## Your task
For this exercise, transcribe all the entries exactly as given and omit the images.

Saved data entries:
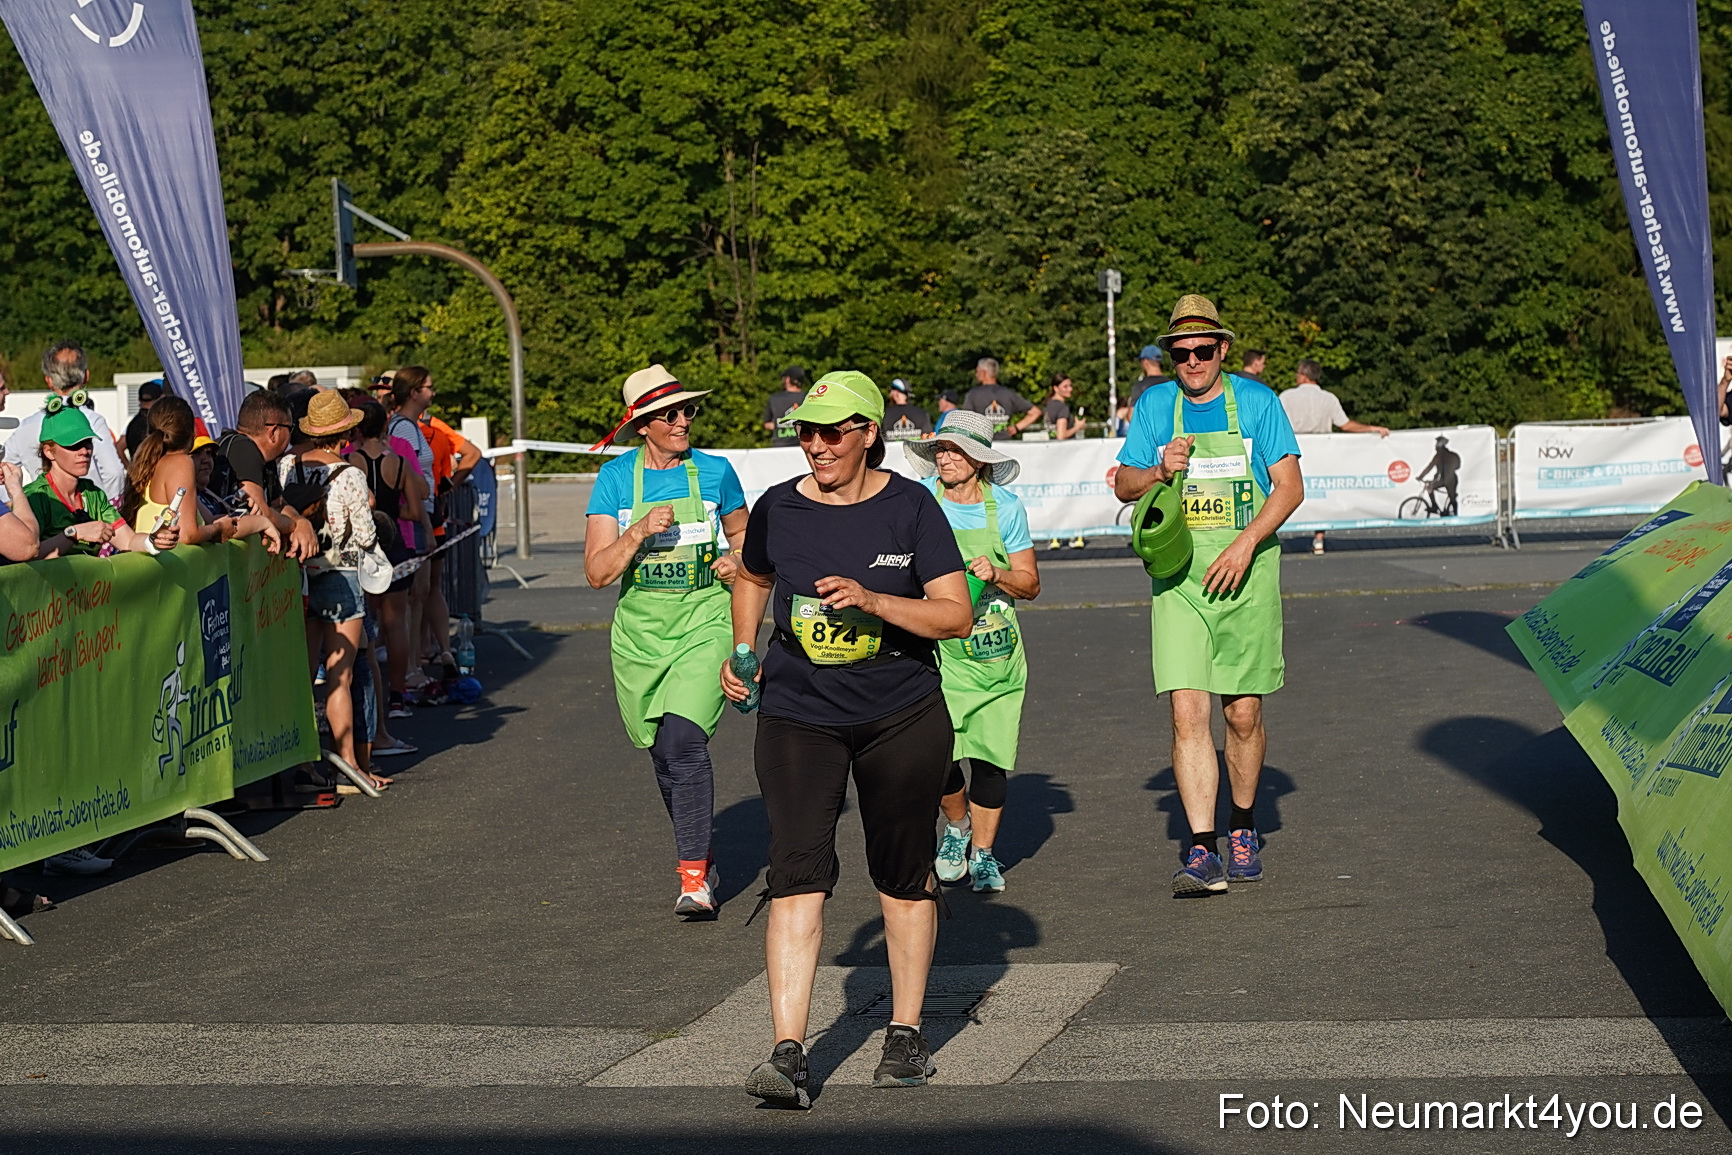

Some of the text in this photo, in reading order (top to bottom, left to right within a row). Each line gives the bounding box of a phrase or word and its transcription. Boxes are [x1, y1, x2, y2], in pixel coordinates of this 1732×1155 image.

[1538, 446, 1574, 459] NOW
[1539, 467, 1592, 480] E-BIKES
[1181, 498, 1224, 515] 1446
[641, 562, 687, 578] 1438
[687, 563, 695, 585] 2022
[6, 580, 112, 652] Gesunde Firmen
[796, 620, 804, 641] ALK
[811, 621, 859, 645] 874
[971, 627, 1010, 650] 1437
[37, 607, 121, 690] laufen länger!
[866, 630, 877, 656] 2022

## Answer for the task
Some of the text in this photo, in reading order (top to bottom, left to right within a row). Each line gives the bounding box of a phrase or word and its transcription. Boxes are [x1, y1, x2, y2], in pixel coordinates of this 1732×1155 image.

[1538, 446, 1574, 459] NOW
[1539, 467, 1592, 480] E-BIKES
[1181, 498, 1224, 515] 1446
[641, 562, 687, 578] 1438
[687, 563, 695, 585] 2022
[6, 580, 112, 652] Gesunde Firmen
[796, 620, 804, 641] ALK
[811, 621, 859, 645] 874
[971, 627, 1010, 650] 1437
[37, 607, 121, 690] laufen länger!
[866, 630, 877, 656] 2022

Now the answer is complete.